Text-to-region grounding data:

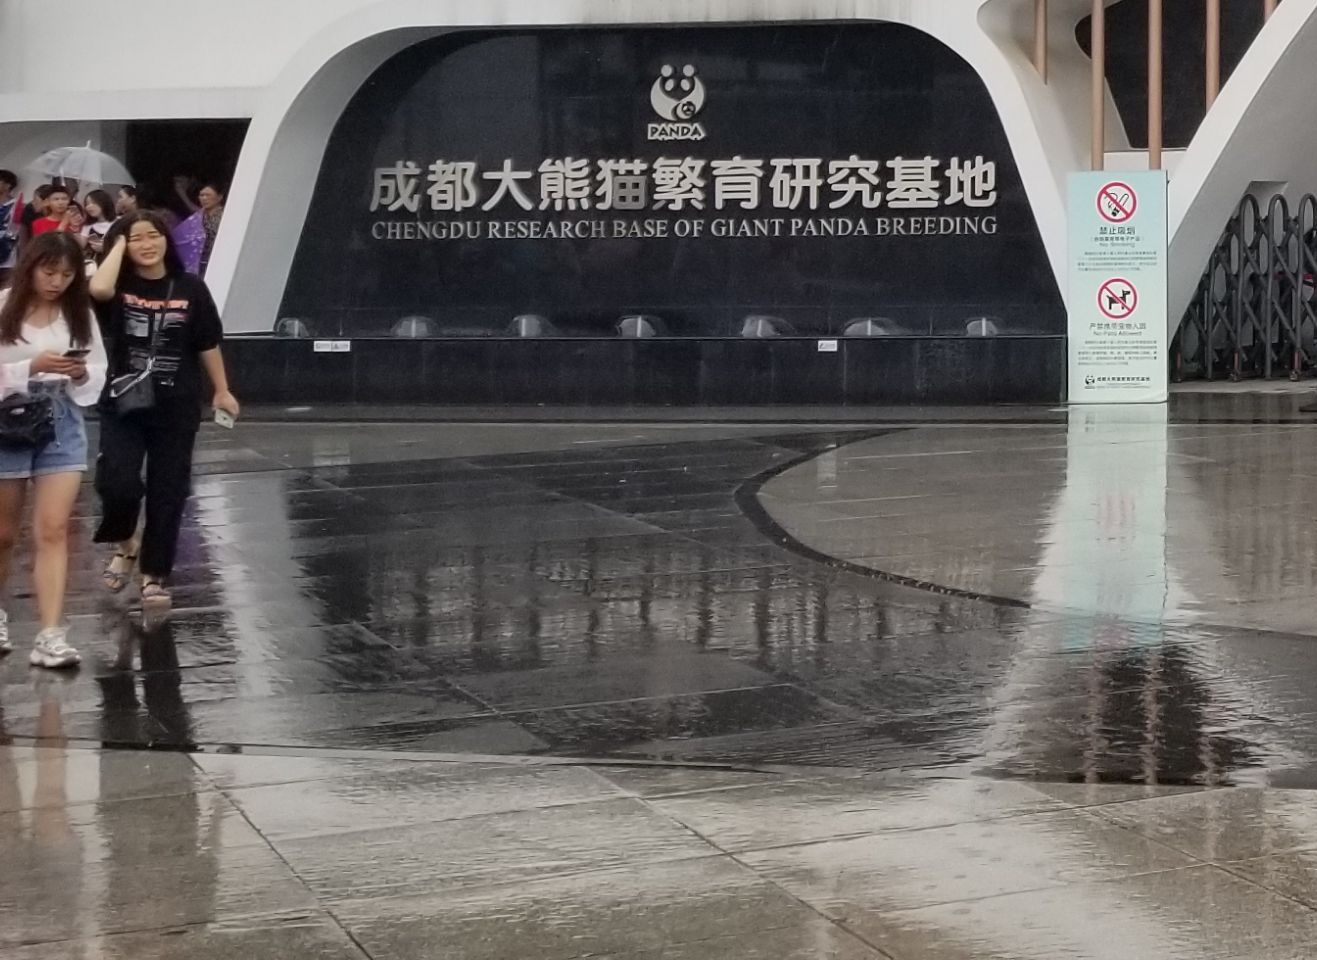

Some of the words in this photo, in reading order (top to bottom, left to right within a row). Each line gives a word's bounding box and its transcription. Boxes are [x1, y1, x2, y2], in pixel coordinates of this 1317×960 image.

[648, 123, 706, 140] PANDA
[369, 155, 998, 213] 成都大熊猫繁育研究基地
[371, 221, 481, 240] CHENGDU
[487, 220, 606, 239] RESEARCH
[612, 219, 668, 238] BASE
[674, 219, 704, 238] OF
[710, 218, 784, 238] GIANT
[791, 217, 869, 236] PANDA
[875, 215, 998, 235] BREEDING

> Aim of the exercise
Print the entries again exactly as they appear above. Do not print the pictures.

> Completed exercise
Some of the words in this photo, in reading order (top to bottom, left to right within a row). Each line gives a word's bounding box and its transcription. Boxes are [x1, y1, x2, y2], in pixel coordinates of this 1317×960 image.

[648, 123, 706, 140] PANDA
[369, 155, 998, 213] 成都大熊猫繁育研究基地
[371, 221, 481, 240] CHENGDU
[487, 220, 606, 239] RESEARCH
[612, 219, 668, 238] BASE
[674, 219, 704, 238] OF
[710, 218, 784, 238] GIANT
[791, 217, 869, 236] PANDA
[875, 215, 998, 235] BREEDING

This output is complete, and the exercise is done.